### ACTIVITY
Using the material below, repeat exactly the lines from the one with "Some of the text" through the one with "this 1280×1280 image.", ends included, without any images.

### SUPPLIED DATA

===============

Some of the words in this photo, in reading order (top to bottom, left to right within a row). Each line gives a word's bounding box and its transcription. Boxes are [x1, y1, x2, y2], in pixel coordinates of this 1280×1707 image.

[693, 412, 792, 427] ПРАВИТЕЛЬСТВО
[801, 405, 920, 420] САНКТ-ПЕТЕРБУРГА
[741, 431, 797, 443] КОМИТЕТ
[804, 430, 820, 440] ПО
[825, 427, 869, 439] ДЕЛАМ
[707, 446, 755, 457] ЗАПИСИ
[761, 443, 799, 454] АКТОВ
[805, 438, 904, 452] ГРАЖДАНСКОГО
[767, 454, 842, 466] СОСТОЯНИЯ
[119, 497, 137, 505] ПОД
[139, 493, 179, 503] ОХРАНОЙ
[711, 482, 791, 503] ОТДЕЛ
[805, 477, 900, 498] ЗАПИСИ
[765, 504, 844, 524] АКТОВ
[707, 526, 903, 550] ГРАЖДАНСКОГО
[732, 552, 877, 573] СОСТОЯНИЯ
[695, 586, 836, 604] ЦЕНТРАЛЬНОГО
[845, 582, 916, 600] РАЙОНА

===============

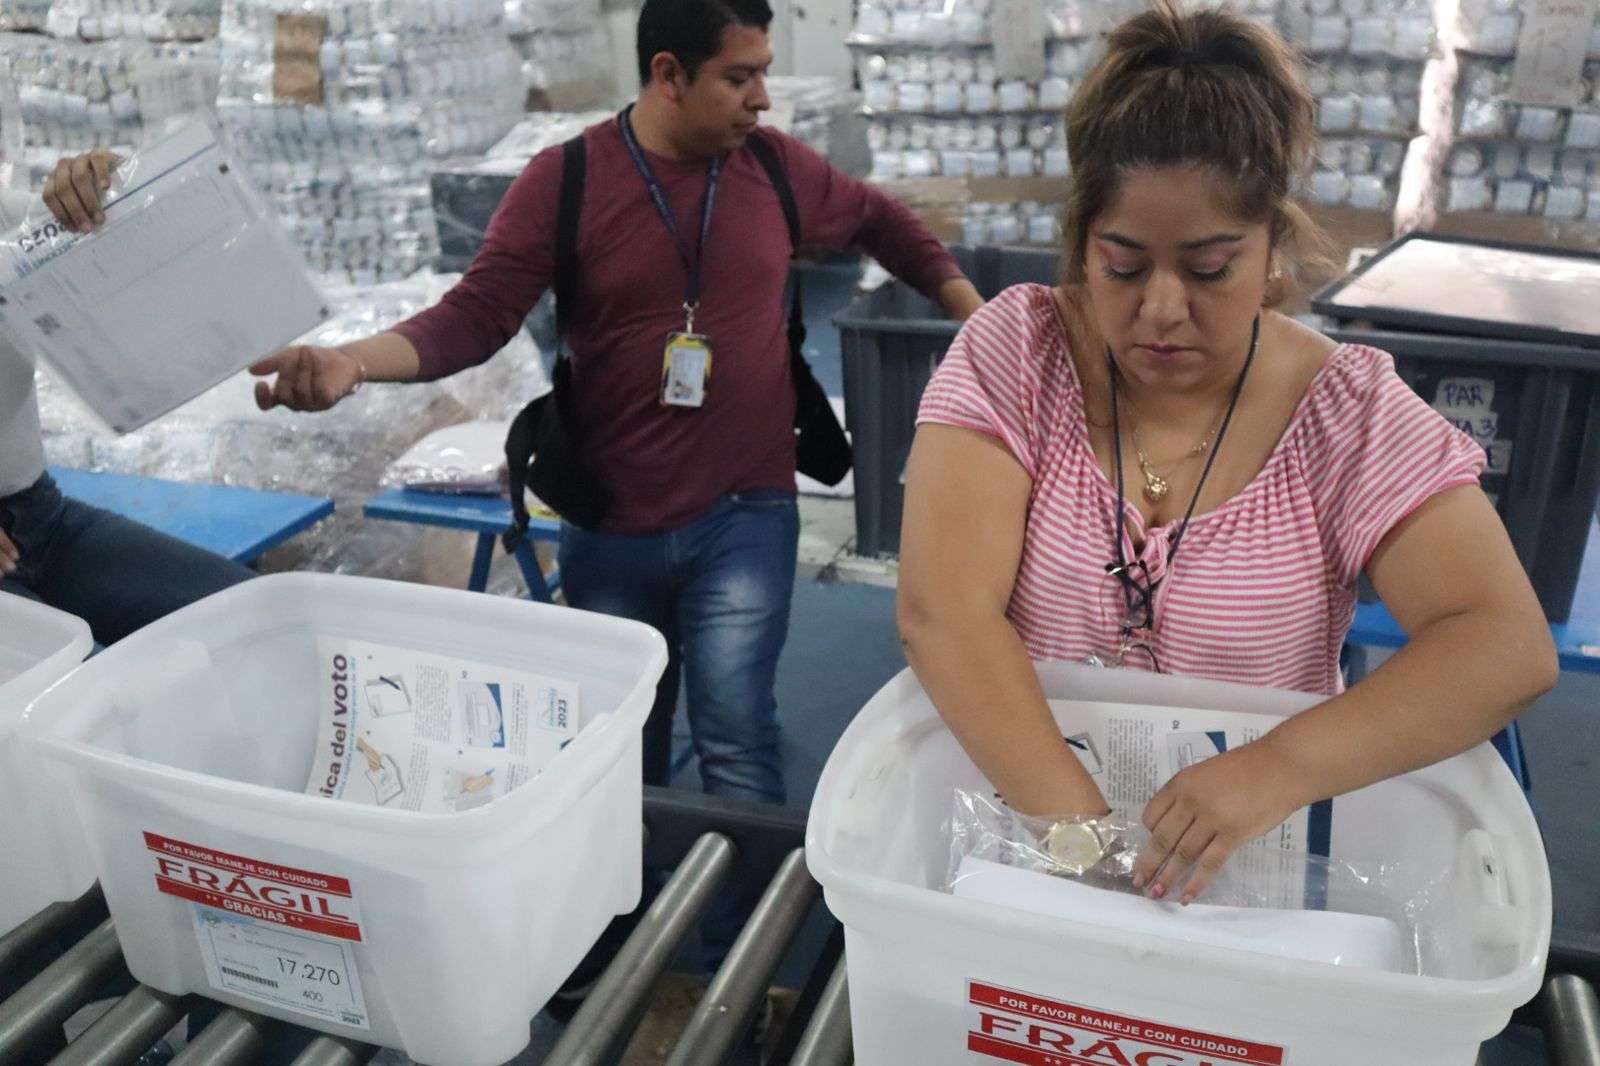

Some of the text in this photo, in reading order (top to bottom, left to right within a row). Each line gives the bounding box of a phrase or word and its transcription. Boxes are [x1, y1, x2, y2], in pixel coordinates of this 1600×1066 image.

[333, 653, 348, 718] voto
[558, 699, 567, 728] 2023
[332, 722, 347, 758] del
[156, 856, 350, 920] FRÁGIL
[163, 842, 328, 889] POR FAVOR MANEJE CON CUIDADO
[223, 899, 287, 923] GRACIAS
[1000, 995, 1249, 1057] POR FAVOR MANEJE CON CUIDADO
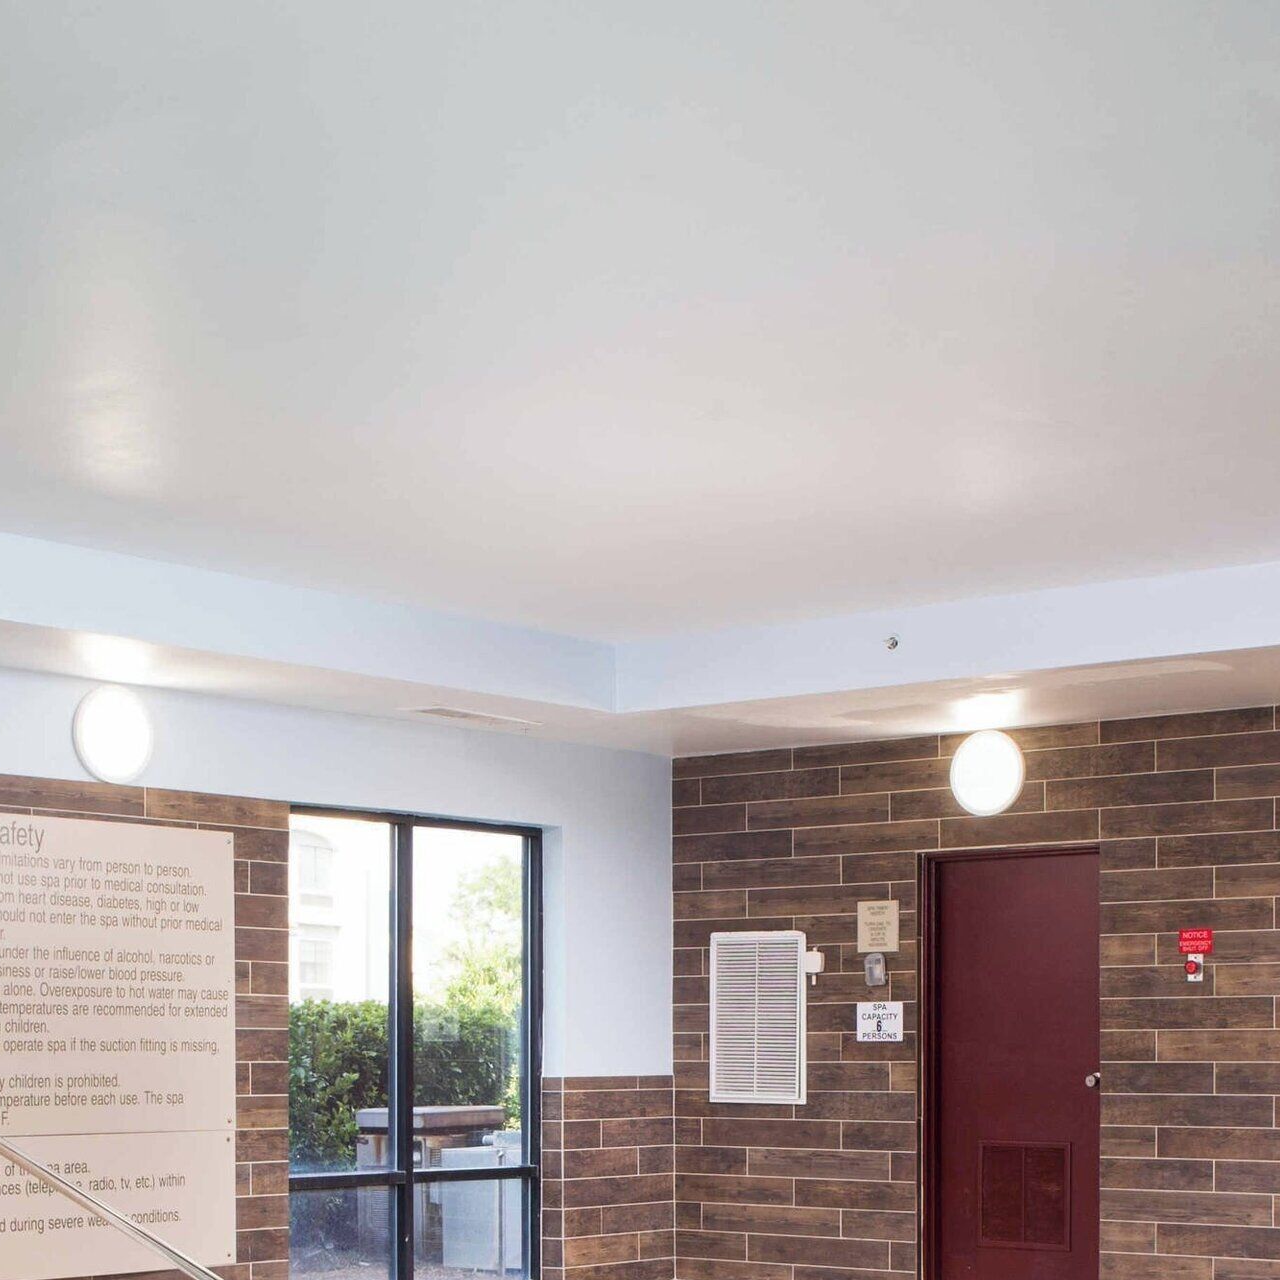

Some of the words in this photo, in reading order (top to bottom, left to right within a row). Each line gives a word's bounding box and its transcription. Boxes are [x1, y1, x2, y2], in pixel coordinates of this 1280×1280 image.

===============

### SOLUTION TO THE EXERCISE
Some of the text in this photo, in reading order (top to bottom, left to right within a row). Each line gives the bounding box of a phrase or word and its transcription. Boxes are [x1, y1, x2, y2], in pixel coordinates of this 1600×1066 image.

[333, 653, 348, 718] voto
[558, 699, 567, 728] 2023
[332, 722, 347, 758] del
[156, 856, 350, 920] FRÁGIL
[163, 842, 328, 889] POR FAVOR MANEJE CON CUIDADO
[223, 899, 287, 923] GRACIAS
[1000, 995, 1249, 1057] POR FAVOR MANEJE CON CUIDADO

Some of the words in this photo, in reading order (top to bottom, left to right within a row). Each line gives a word's bounding box and its transcription. Boxes are [x1, y1, x2, y2], in pixel coordinates of this 1280×1280 image.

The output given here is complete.